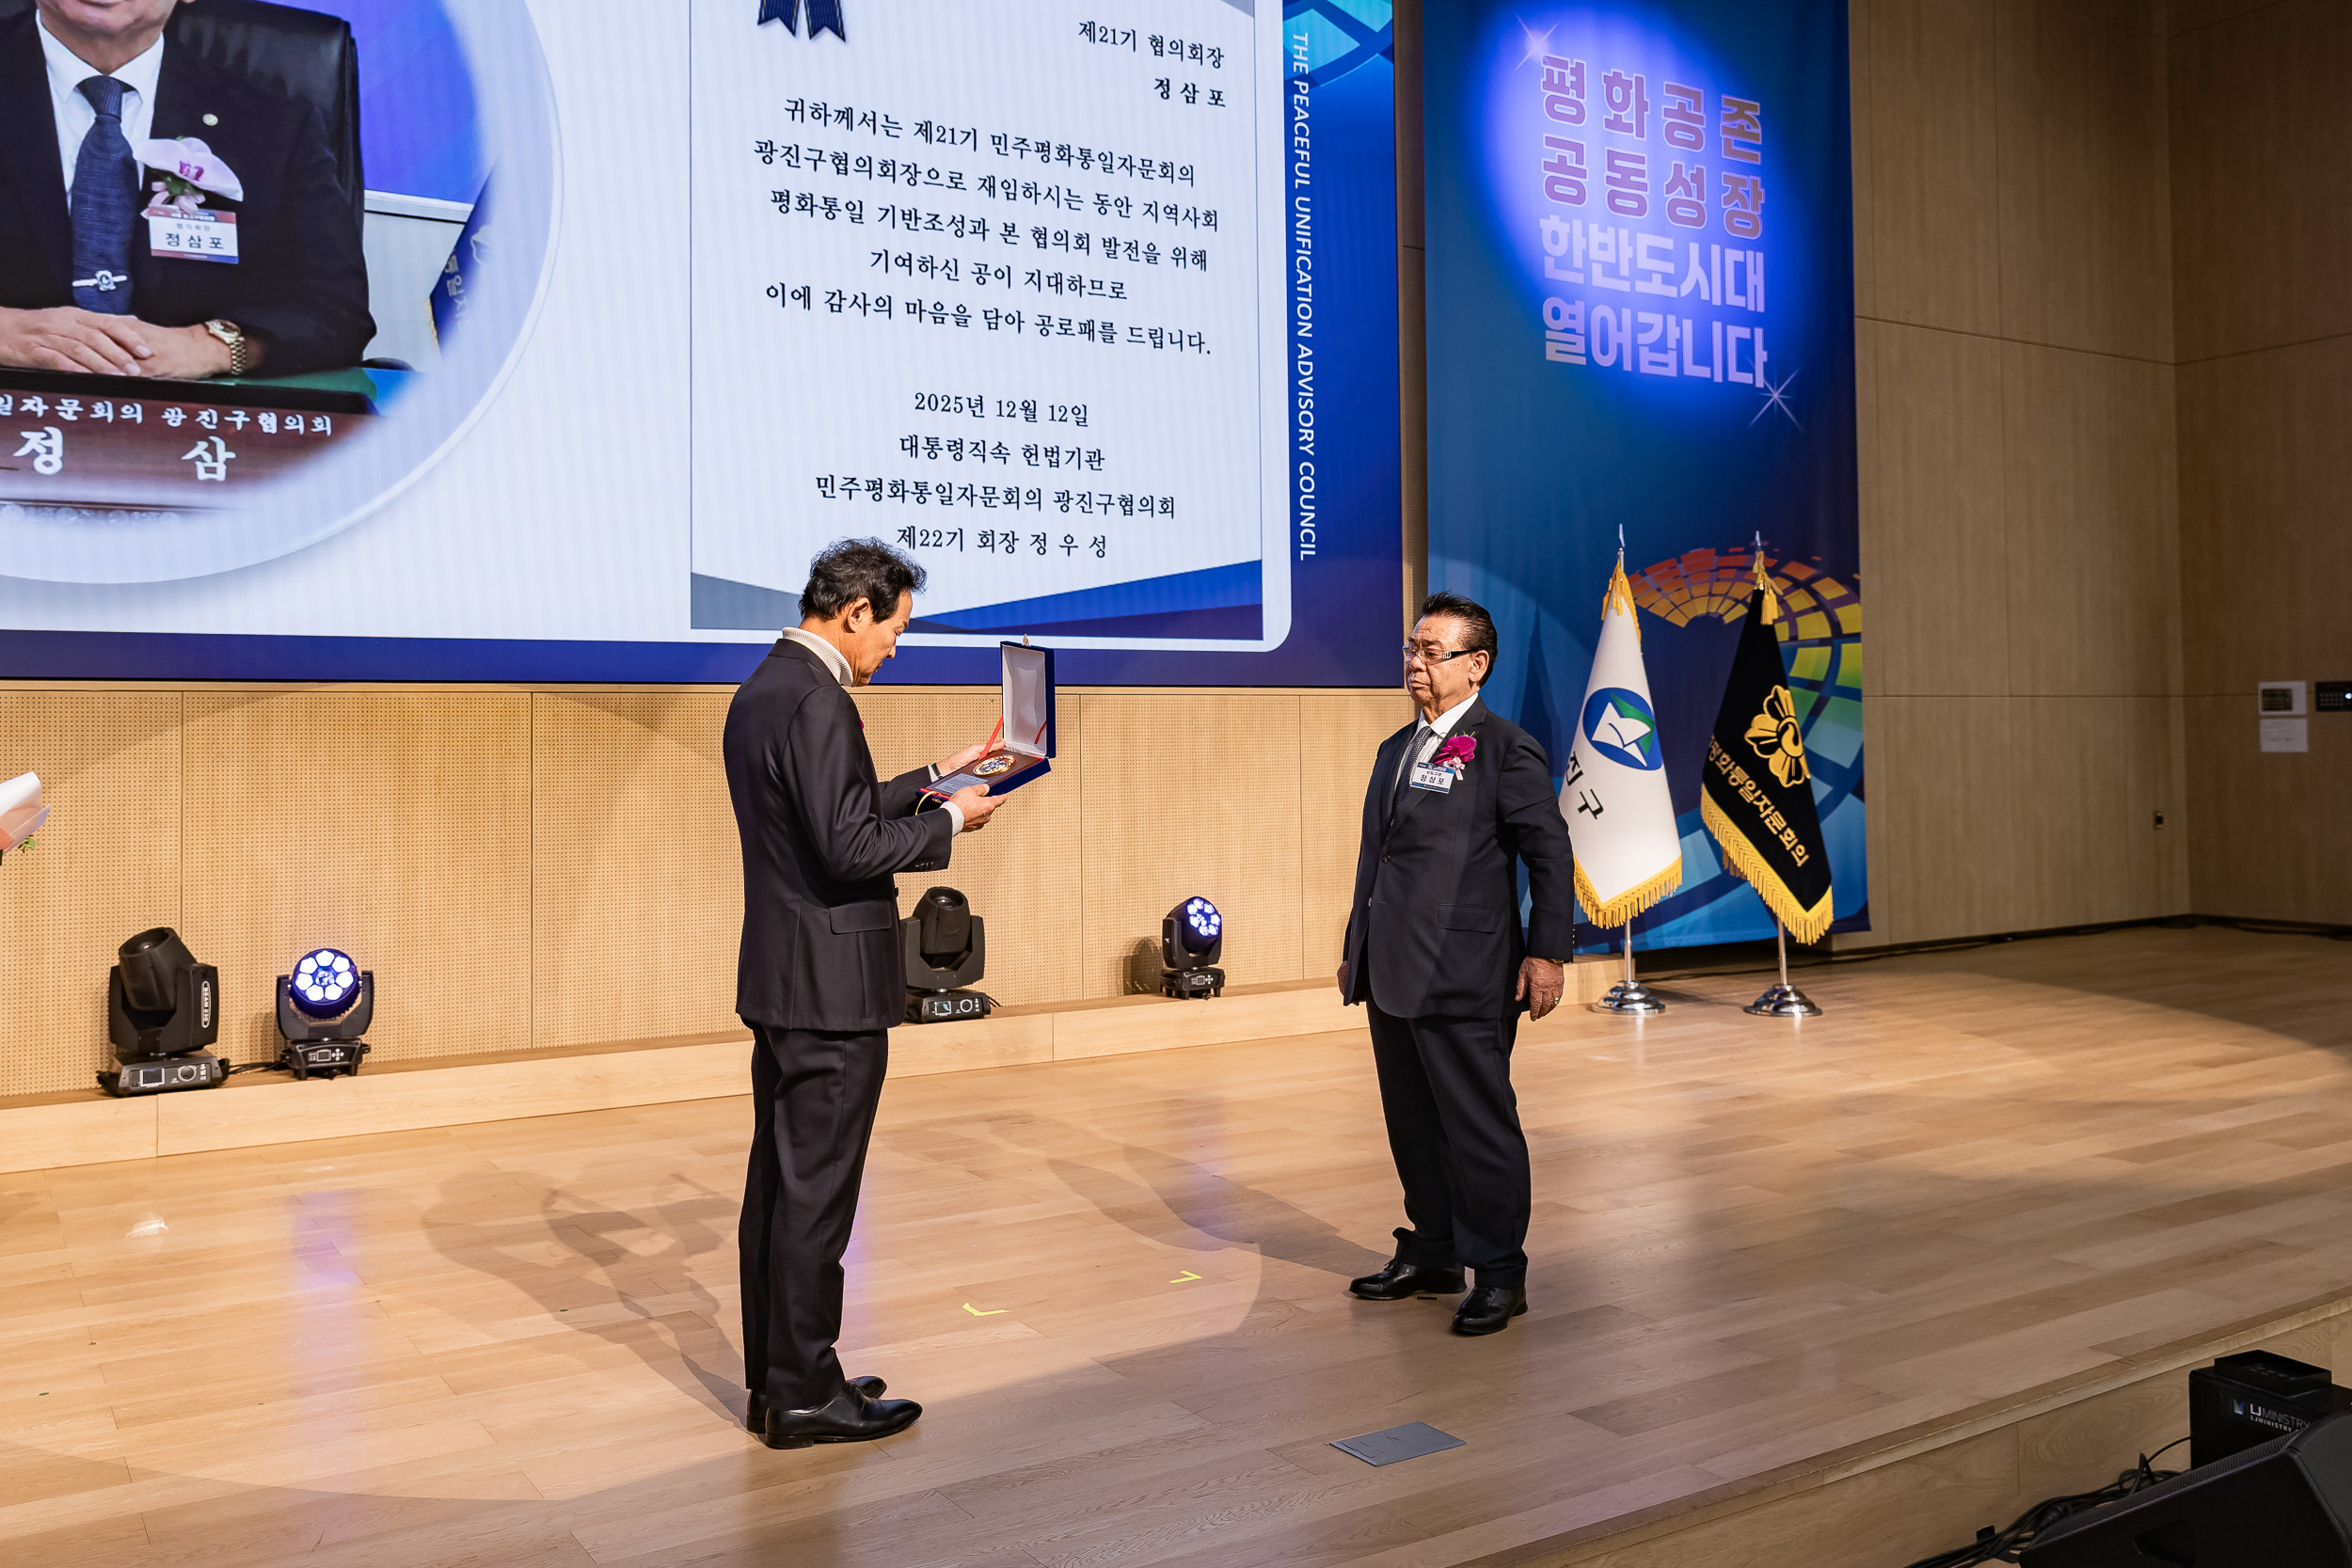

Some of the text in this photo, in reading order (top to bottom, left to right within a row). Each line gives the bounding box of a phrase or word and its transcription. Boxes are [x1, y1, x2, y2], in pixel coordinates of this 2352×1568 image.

[1078, 20, 1225, 70] 제21기 협의회장
[784, 97, 1194, 188] 귀하께서는 제21기 민주평화통일자문회의
[754, 139, 1217, 233] 광진구협의회장으로 재임하시는 동안 지역사회
[771, 188, 1207, 273] 평화통일 기반조성과 본 협의회 발전을 위해
[1539, 214, 1766, 313] 한반도시대
[870, 248, 1128, 300] 기여하신 공이 지대하므로
[1292, 32, 1316, 562] THE PEACEFUL UNIFICATION ADVISORY COUNCIL
[766, 281, 1211, 356] 이에 감사의 마음을 담아 공로패를 드립니다.
[1542, 296, 1769, 388] 열어갑니다
[161, 406, 334, 437] 광진구협의회
[914, 391, 1089, 428] 2025년 12월 12일
[12, 426, 237, 483] 정 삼
[899, 434, 1105, 471] 대통령직속 헌법기관
[815, 474, 1174, 520] 민주평화통일자문회의 광진구협의회
[897, 525, 963, 553] 제22기
[977, 529, 1020, 555] 회장
[1708, 735, 1810, 868] 평화통일자문회의
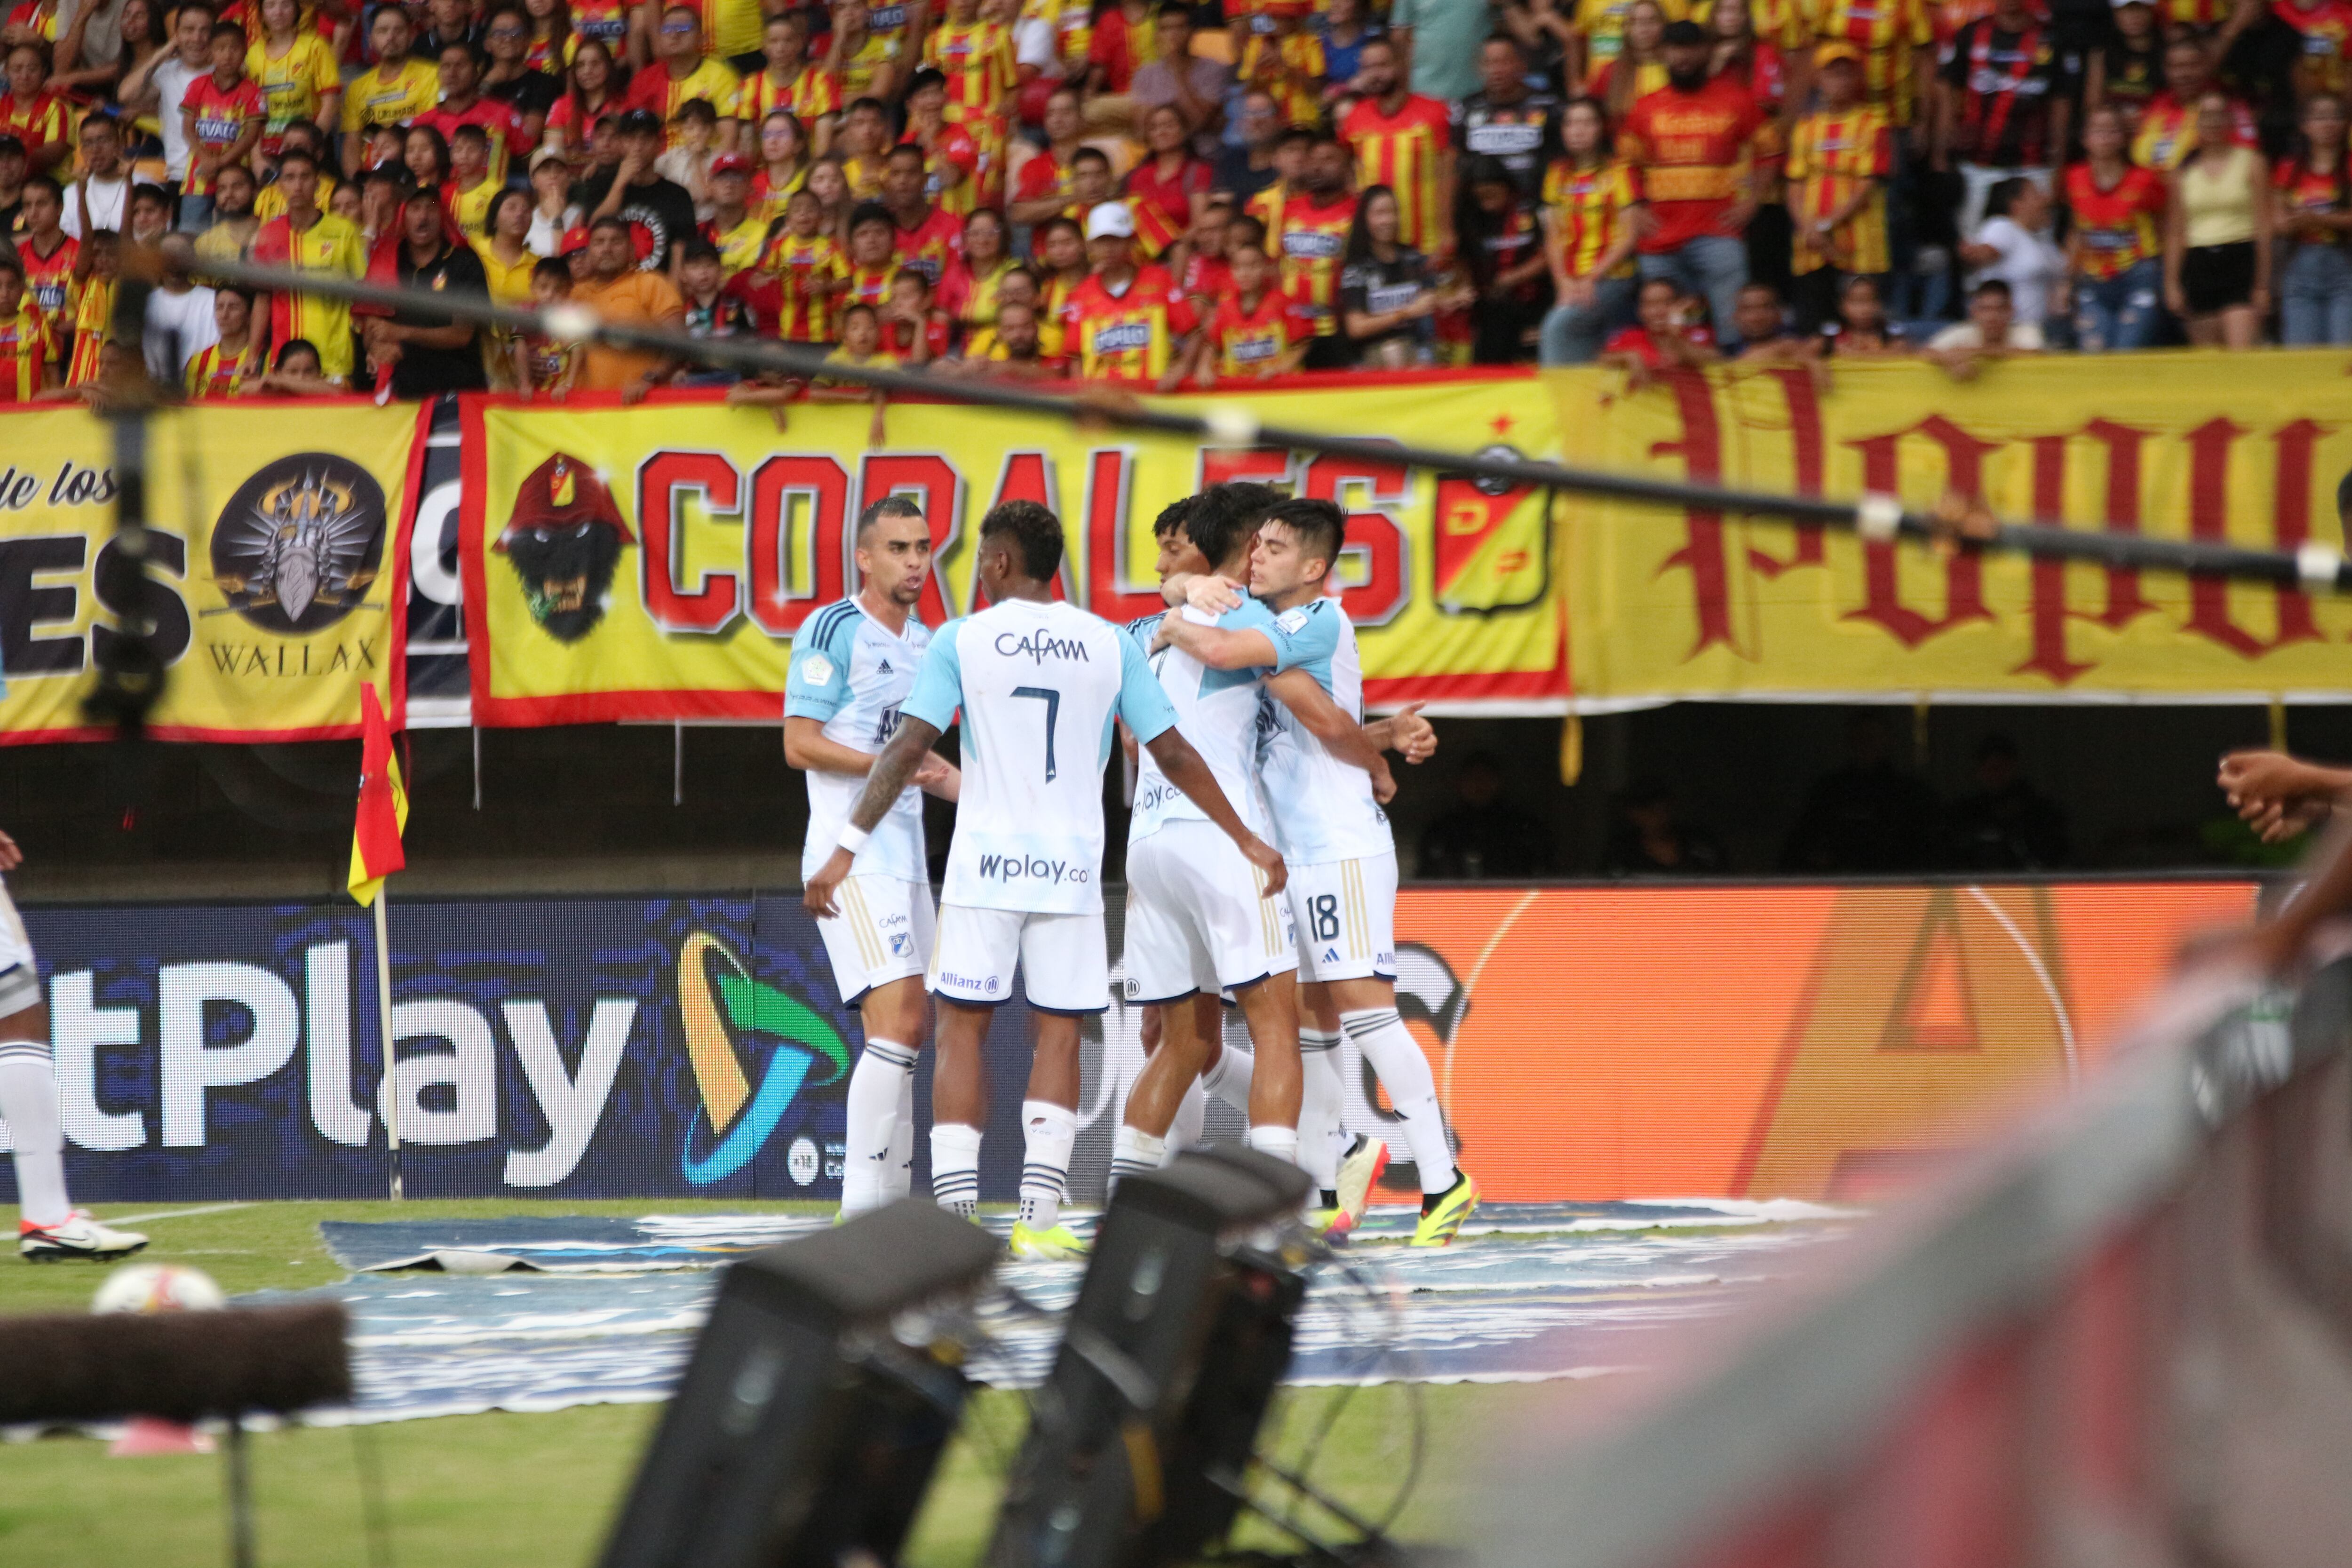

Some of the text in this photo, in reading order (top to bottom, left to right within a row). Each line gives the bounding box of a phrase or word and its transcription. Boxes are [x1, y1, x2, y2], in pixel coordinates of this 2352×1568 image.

[46, 460, 120, 506] los
[636, 436, 1410, 639] CORALS
[1649, 368, 2352, 685] Popu
[208, 638, 378, 678] WALLAX
[1009, 686, 1060, 785] 7
[979, 853, 1089, 884] Wplay.co
[1306, 894, 1340, 943] 18
[941, 971, 982, 990] Allianz
[0, 938, 638, 1187] tPlay

---+---

§ What to work on:
Omit the pictures and write out the remaining data exactly.

§ Reply to the exercise:
Some of the text in this photo, in reading order (top to bottom, left to right within a row). Each line gives the bounding box of a phrase or word and its transcription. Boxes are [x1, y1, x2, y2], in pixel coordinates of this 2352×1568 image.

[1078, 20, 1225, 70] 제21기 협의회장
[784, 97, 1194, 188] 귀하께서는 제21기 민주평화통일자문회의
[754, 139, 1217, 233] 광진구협의회장으로 재임하시는 동안 지역사회
[771, 188, 1207, 273] 평화통일 기반조성과 본 협의회 발전을 위해
[1539, 214, 1766, 313] 한반도시대
[870, 248, 1128, 300] 기여하신 공이 지대하므로
[1292, 32, 1316, 562] THE PEACEFUL UNIFICATION ADVISORY COUNCIL
[766, 281, 1211, 356] 이에 감사의 마음을 담아 공로패를 드립니다.
[1542, 296, 1769, 388] 열어갑니다
[161, 406, 334, 437] 광진구협의회
[914, 391, 1089, 428] 2025년 12월 12일
[12, 426, 237, 483] 정 삼
[899, 434, 1105, 471] 대통령직속 헌법기관
[815, 474, 1174, 520] 민주평화통일자문회의 광진구협의회
[897, 525, 963, 553] 제22기
[977, 529, 1020, 555] 회장
[1708, 735, 1810, 868] 평화통일자문회의

Some of the text in this photo, in reading order (top to bottom, left to right within a row). Each line gives the bounding box of a phrase or word and its transcription. Boxes are [x1, y1, x2, y2], in pixel coordinates of this 2352×1568 image.

[46, 460, 120, 506] los
[636, 436, 1410, 639] CORALS
[1649, 368, 2352, 685] Popu
[208, 638, 378, 678] WALLAX
[1009, 686, 1060, 785] 7
[979, 853, 1089, 884] Wplay.co
[1306, 894, 1340, 943] 18
[941, 971, 982, 990] Allianz
[0, 938, 638, 1187] tPlay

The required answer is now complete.